1. Haberler
  2. Gündem
  3. Muhsin Yazıcıoğlu’nun ölümüyle ilgili çarpıcı gelişme

Muhsin Yazıcıoğlu’nun ölümüyle ilgili çarpıcı gelişme

featured
service
Paylaş

Bu Yazıyı Paylaş

veya linki kopyala

Büyük Birlik Partisi (BBP) Kurucu Genel Başkanı Muhsin Yazıcıoğlu’nun helikopterinin 2009 yılında Kahramanmaraş’ta düşmesiyle ilgili yürütülen soruşturmayı FETÖ elebaşı Fetullah Gülen ve örgüt yöneticilerinin talimatıyla yönlendirdikleri öne sürülen 19 kişinin yargılandığı davanın 13’üncü duruşması görüldü.

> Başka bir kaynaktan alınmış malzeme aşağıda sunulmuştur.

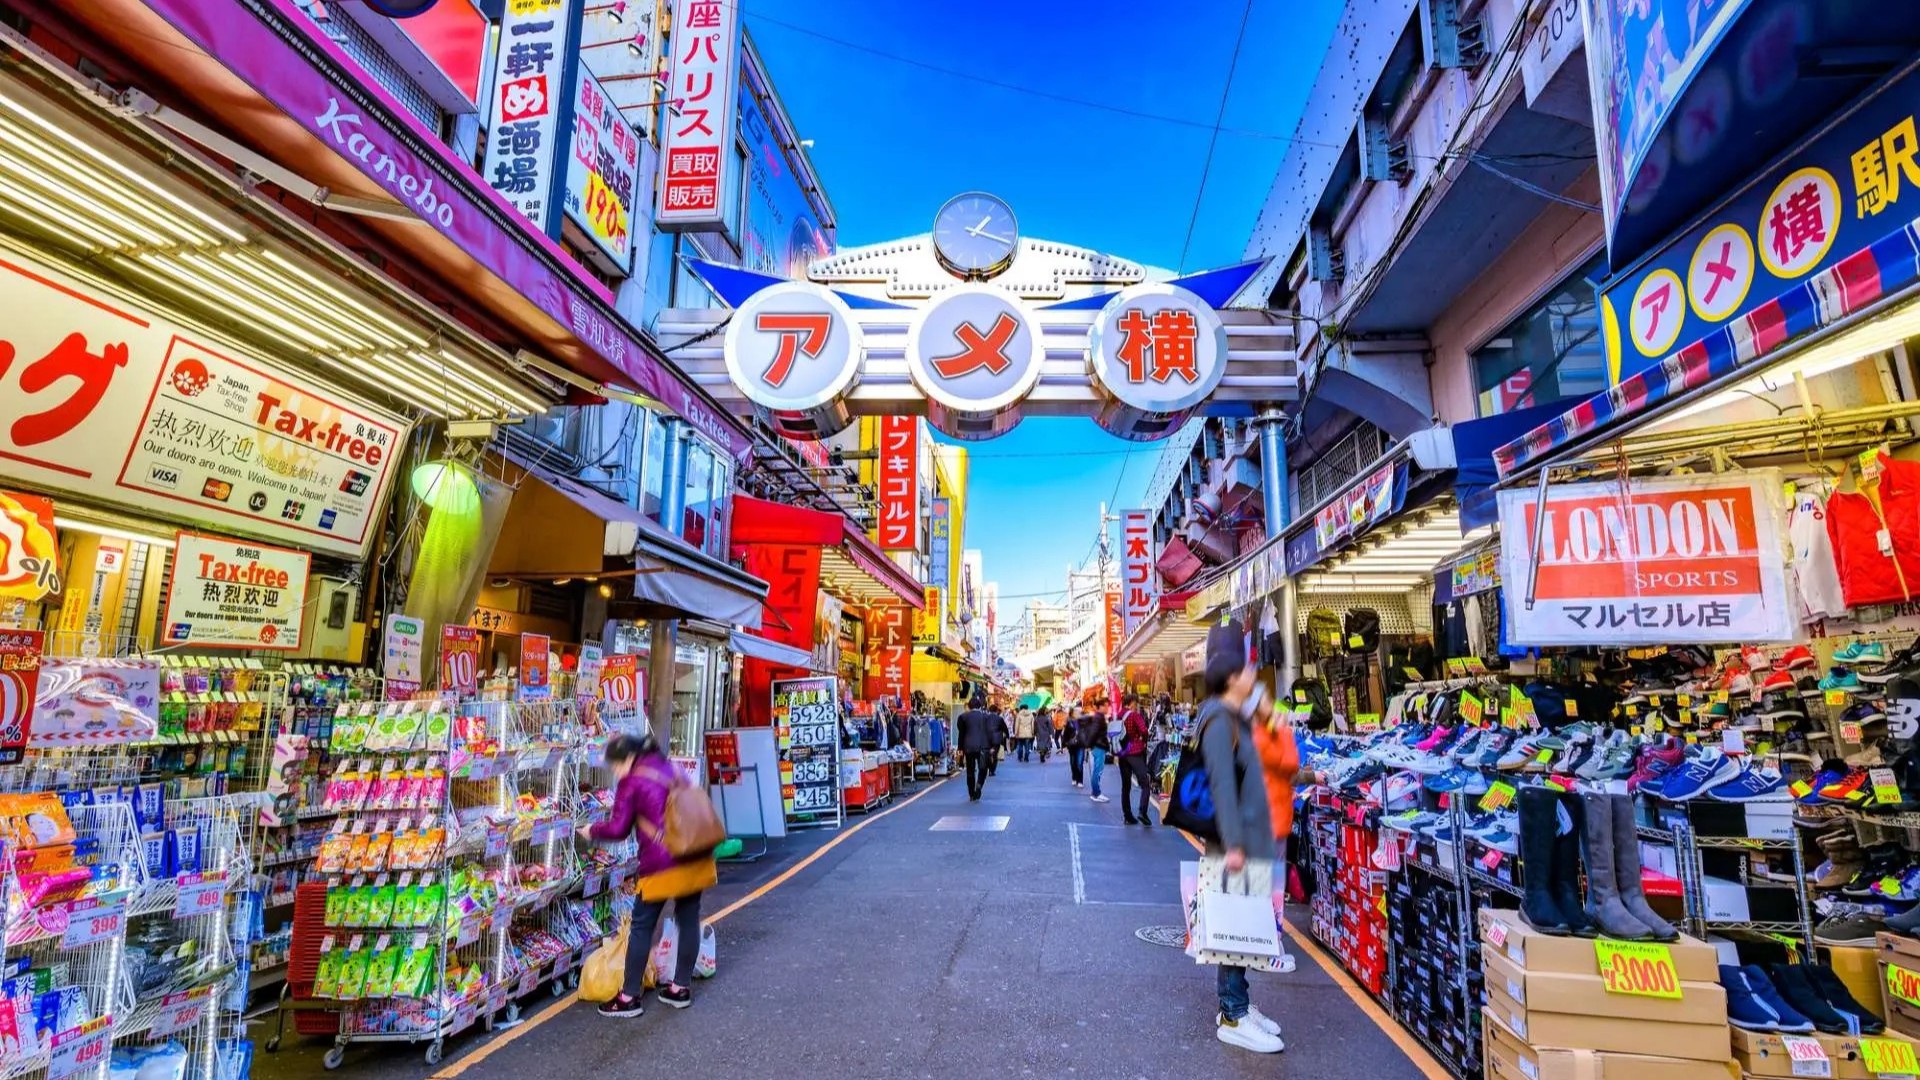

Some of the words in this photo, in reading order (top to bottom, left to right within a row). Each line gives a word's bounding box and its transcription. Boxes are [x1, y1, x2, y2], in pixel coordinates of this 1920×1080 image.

[677, 0, 722, 137] 座パリス
[491, 20, 555, 195] 一軒め酒場
[314, 97, 455, 229] Kanebo
[670, 152, 717, 175] 買取
[667, 185, 715, 207] 販売
[585, 175, 627, 253] 190円
[571, 301, 626, 364] 雪肌精
[0, 332, 129, 447] グ
[216, 384, 248, 404] Tax-free
[223, 399, 246, 415] Shop
[682, 391, 731, 448] Tax-free
[149, 408, 255, 463] 热烈欢迎
[257, 392, 383, 467] Tax-free
[144, 439, 163, 455] Our
[167, 449, 197, 465] doors
[199, 457, 216, 470] are
[218, 461, 243, 479] open.
[248, 470, 287, 492] Welcome
[289, 483, 298, 494] to
[299, 487, 327, 503] Japan!
[151, 468, 178, 484] VISA
[886, 415, 911, 544] トブキゴルフ
[1538, 498, 1740, 564] LONDON
[236, 546, 261, 560] 免税店
[198, 553, 289, 588] Tax-free
[1634, 569, 1739, 590] SPORTS
[203, 581, 280, 608] 热烈欢迎
[1562, 600, 1731, 629] マルセル店
[921, 633, 935, 641] 入口
[448, 650, 475, 688] 10
[601, 675, 632, 704] 10
[790, 703, 837, 724] 5923
[795, 762, 827, 781] 386
[796, 786, 829, 807] 345
[91, 914, 119, 935] 398
[75, 1039, 103, 1064] 498
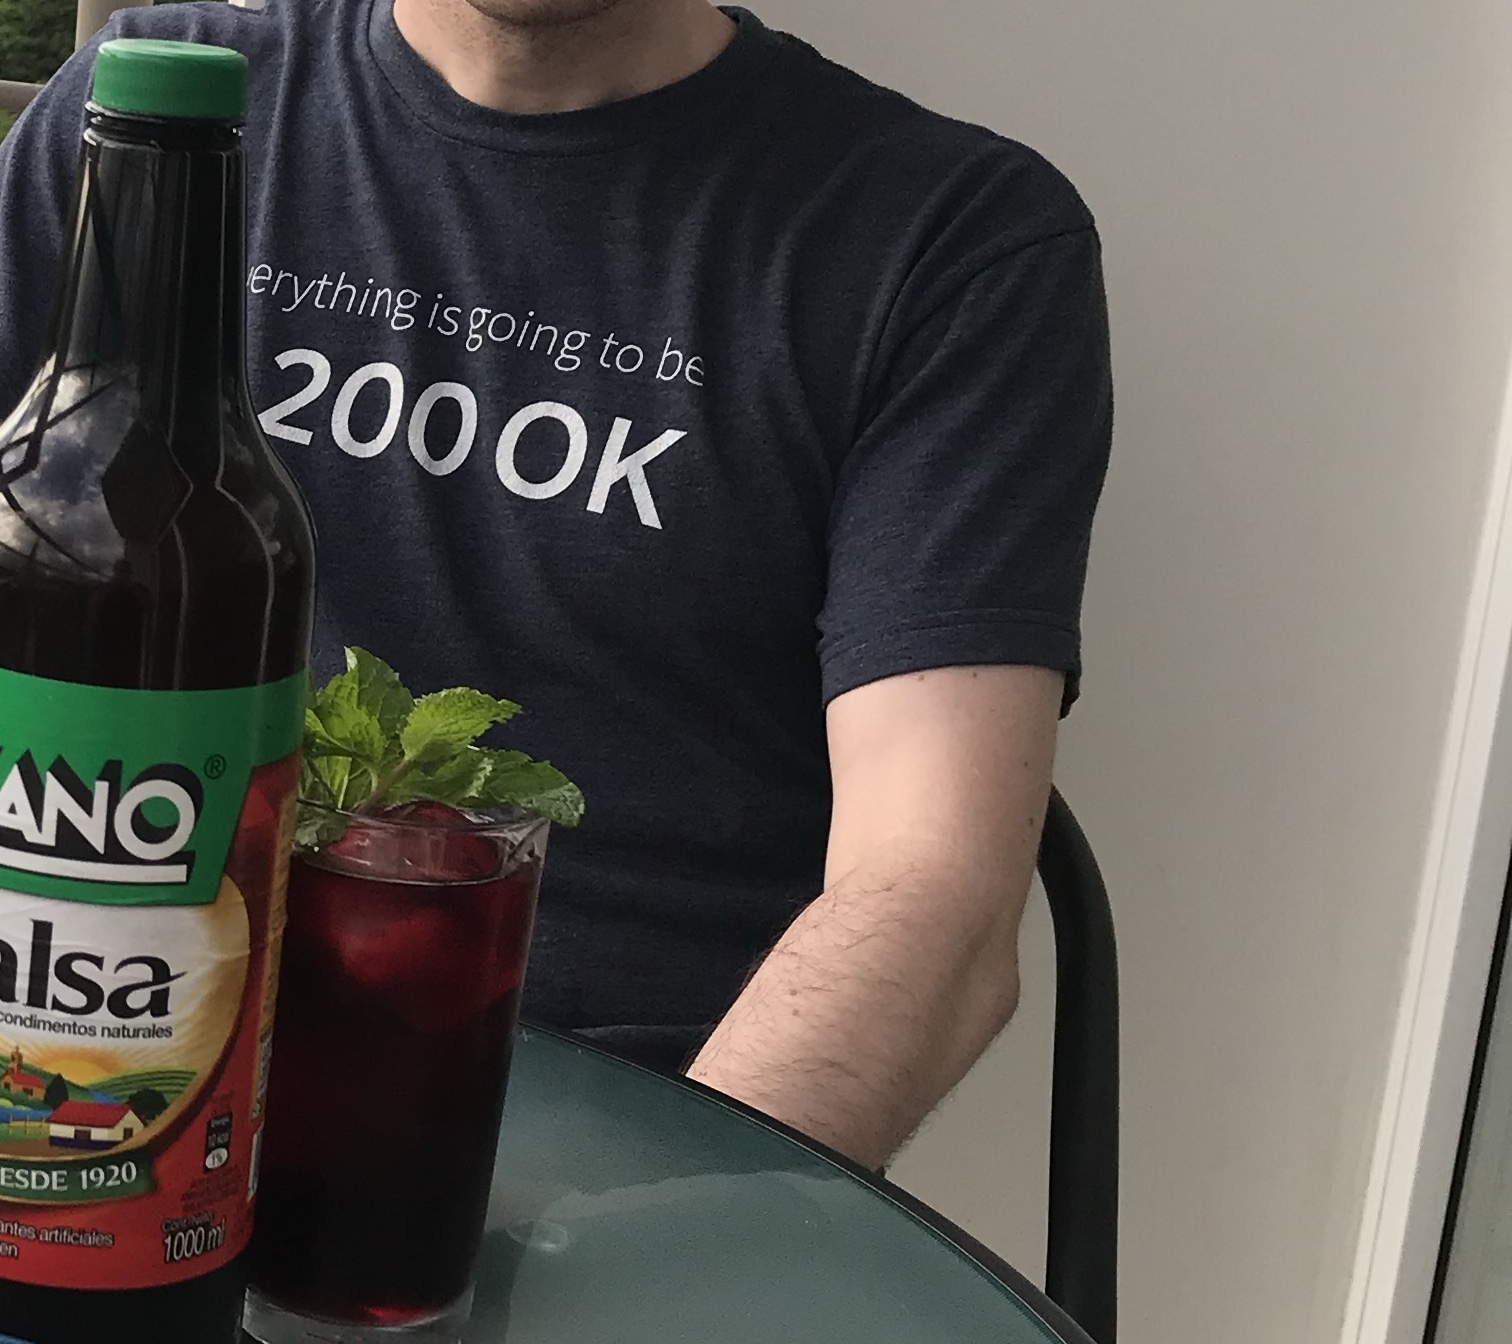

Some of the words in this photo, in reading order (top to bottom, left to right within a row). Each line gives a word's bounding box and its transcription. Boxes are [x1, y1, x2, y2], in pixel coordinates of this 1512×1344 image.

[428, 293, 462, 336] is
[465, 307, 591, 372] going
[599, 332, 644, 373] to
[655, 337, 705, 387] be
[257, 348, 478, 477] 200
[495, 400, 688, 530] OK
[100, 1023, 173, 1039] naturales
[80, 1160, 137, 1191] 1920
[39, 1226, 114, 1248] artificiales
[164, 1226, 205, 1263] 1000
[207, 1217, 225, 1251] ml

2’nci Ağır Ceza Mahkemesi’nde görülen duruşmaya tutuksuz sanık Ebubekir Semih Yüksekkaya, taraf avukatları, Muhsin Yazıcıoğlu’nun eşi Gülefer Yazıcıoğlu, oğlu Fatih Furkan Yazıcıoğlu, ağabeyi Yusuf Yazıcıoğlu, CHP Genel Lider Yardımcıları Murat Bakan ve Sevgi Kılıç, Milli Yol Partisi Genel Lideri Remzi Çayır ile partililer katıldı. Öteki sanıkların katılmadığı duruşmaya tutuksuz sanık Davut Uçum, öteki hatadan hükümlü olduğu cezaevinden SEGBİS ile duruşma salonuna bağlandı.

“HIRSIZLIKTAN DAVA AÇILMASINI ANLAMIYORUM”

Duruşma, Davut Uçum’un savunmasıyla başladı. Uçum, suçlamaları kabul etmedi. İddianamede kendisine yöneltilen hırsızlık suçlamalarını reddeden Uçum, “Bir evvelki mahkemede kanıtlarıyla aygıtlar ilgili hususu açıkladım. Esasen şunu hiçbir vakit anlamadım, kanıt niteliğindeki aygıtlardan ötürü savcı hırsızlıktan açıyor. Ben bunu hiçbir vakit anlamadım, anlamayacağım da esasen. Bu kanıtları kimlerin yok ettiğini artık herkes biliyor. Bundan sonra ‘Cihazları bu askerler çaldı, aldı’ diyenler suçlularla iş birliği içindedir. Bilerek yanıltmaktadırlar. Bunların hepsi aşikâr ve ben size bir tane kanıt sunmadım onlarca kanıt sundum, hepsi de türel kanıtlar. Bunların içinde uzman raporları var, ODTÜ’nün raporu var” diye konuştu.

‘İFTİRA’ DEDİ

Tutuksuz sanık Ebubekir Semih Yüksekkaya da suçlamaları reddederek kendisini şöyle savundu:

*Bir kaza kırım incelemesi yapılıyorsa, savcılık girmeden hiç kimsenin o bölgeye girmesine koruma edilmez ve etrafı emniyet şeridi içerisinde alınır. Ama maalesef bu kaza soruşturma heyetimiz en düşük sözle vazifesi suistimal etmişlerdir ve görevlerini gereğince yerine getirmemişlerdir.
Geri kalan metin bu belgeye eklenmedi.